STORED DATA:
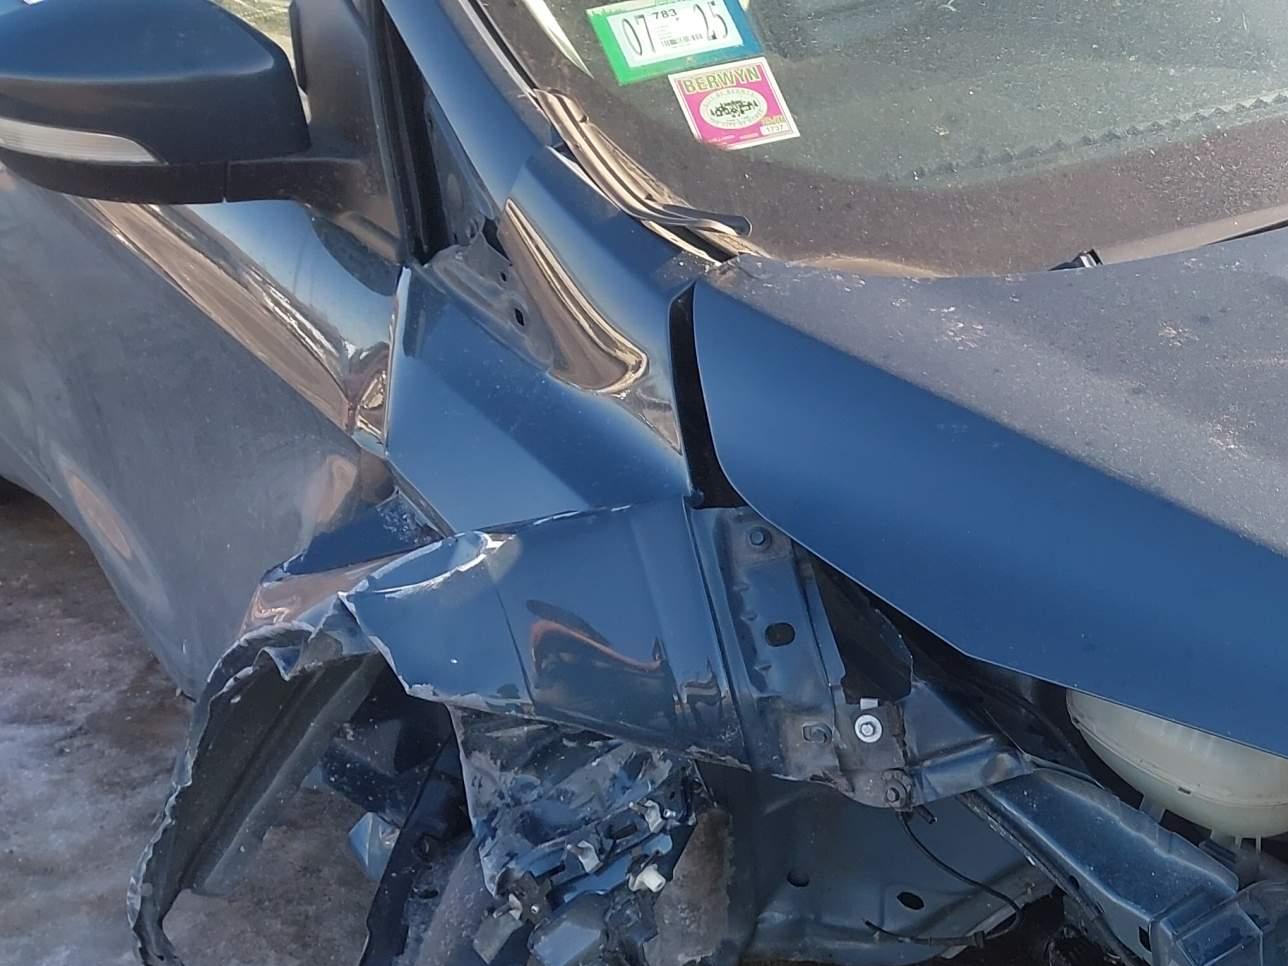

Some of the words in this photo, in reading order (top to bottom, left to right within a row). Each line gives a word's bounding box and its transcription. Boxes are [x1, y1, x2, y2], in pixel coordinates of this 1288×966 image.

[621, 14, 657, 56] 07
[692, 0, 729, 42] 25
[651, 8, 678, 20] 783
[683, 66, 760, 94] BERWYN

BRIEF:
Exact copy, pictures removed: set down the whole listing above.

RESULT OF THE TASK:
Some of the words in this photo, in reading order (top to bottom, left to right within a row). Each line gives a word's bounding box and its transcription. Boxes are [x1, y1, x2, y2], in pixel coordinates of this 1288×966 image.

[621, 14, 657, 56] 07
[692, 0, 729, 42] 25
[651, 8, 678, 20] 783
[683, 66, 760, 94] BERWYN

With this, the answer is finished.